Regulation of Myofibroblast Differentiation by Poly(ADP-Ribose) Polymerase 1

• Published in: The American journal of pathology Vol. 182; no. 1; pp. 71 - 83
• Main Authors: Hu, Biao, Wu, Zhe, Hergert, Polla, Henke, Craig A., Bitterman, Peter B., Phan, Sem H.
• Format: Journal Article
• Language: English
• Published: United States Elsevier Inc 01.01.2013; American Society for Investigative Pathology
• Subjects: Actins - genetics; Actins - metabolism; Animals; Bleomycin; Cell Differentiation - genetics; Cell Differentiation - physiology; Cells, Cultured; CpG Islands - genetics; DNA Methylation; Female; Gene Expression Regulation - physiology; Gene Silencing; Lung - cytology; Lung - enzymology; Mice; Mice, Inbred C57BL; Mice, Knockout; Myofibroblasts - cytology; Myofibroblasts - enzymology; Myofibroblasts - pathology; Pathology; Poly (ADP-Ribose) Polymerase-1; Poly(ADP-ribose) Polymerases - deficiency; Poly(ADP-ribose) Polymerases - genetics; Poly(ADP-ribose) Polymerases - physiology; Protein Processing, Post-Translational - physiology; Pulmonary Fibrosis - chemically induced; Pulmonary Fibrosis - metabolism; Pulmonary Fibrosis - pathology; Rats; Rats, Inbred F344; Regular; Smad3 Protein - metabolism
• ISSN: 0002-9440; 1525-2191; 1525-2191
• DOI: 10.1016/j.ajpath.2012.09.004

Poly(ADP-ribosyl)ation (PARylation) is a post-translational protein modification effected by enzymes belonging to the poly(ADP-ribose) polymerase (PARP) superfamily, mainly by PARP-1. The key acceptors of poly(ADP-ribose) include PARP-1 itself, histones, DNA repair proteins, and transcription factors.
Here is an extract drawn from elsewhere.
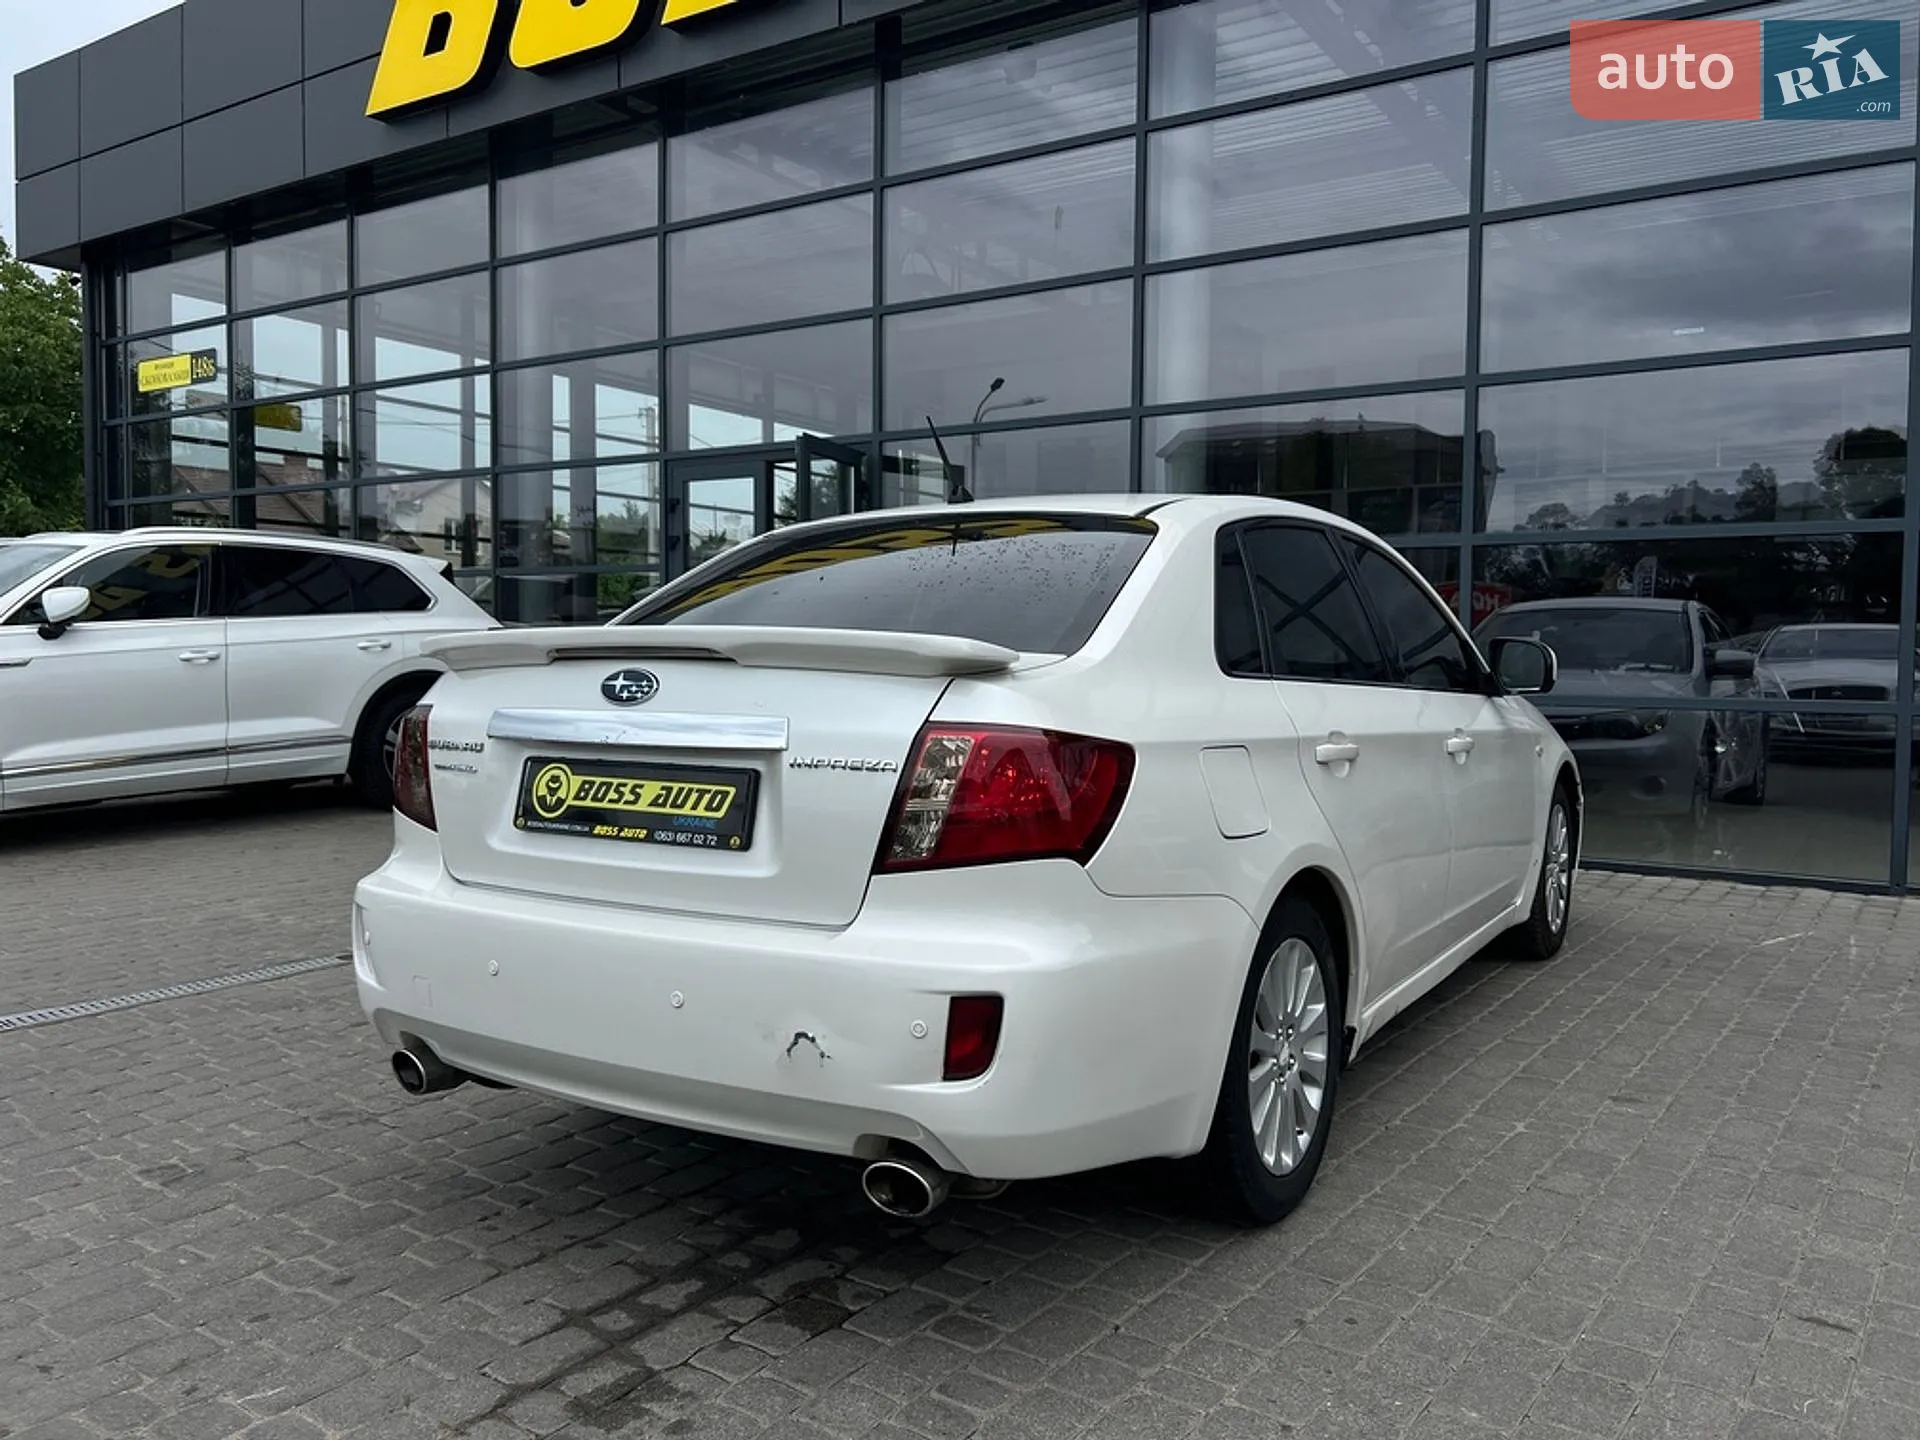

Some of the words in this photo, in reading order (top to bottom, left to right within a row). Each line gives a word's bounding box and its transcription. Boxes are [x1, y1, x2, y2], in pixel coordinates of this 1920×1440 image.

Because many of these factors are involved in the regulation of myofibroblast differentiation, we examined the role of PARylation on myofibroblast differentiation. Overexpression of PARP-1 with an expression plasmid activated expression of the α-SMA gene (Acta2), a marker of myofibroblast differentiation in lung fibroblasts. Suppression of PARP-1 activity or gene expression with PARP-1 inhibitors or siRNA, respectively, had the opposite effect on these cells. PARP-1–deficient cells also had reduced α-SMA gene expression. DNA pyrosequencing identified hypermethylated regions of the α-SMA gene in PARP-1–deficient cells, relative to wild-type cells. Interestingly, and of potential relevance to human idiopathic pulmonary fibrosis, PARP activity in lung fibroblasts isolated from idiopathic pulmonary fibrosis patients was significantly higher than that in cells isolated from control subjects. Furthermore, PARP-1–deficient mice exhibited reduced pulmonary fibrosis in response to bleomycin-induced lung injury, relative to wild-type controls. These results suggest that PARylation is important for myofibroblast differentiation and the pathogenesis of pulmonary fibrosis.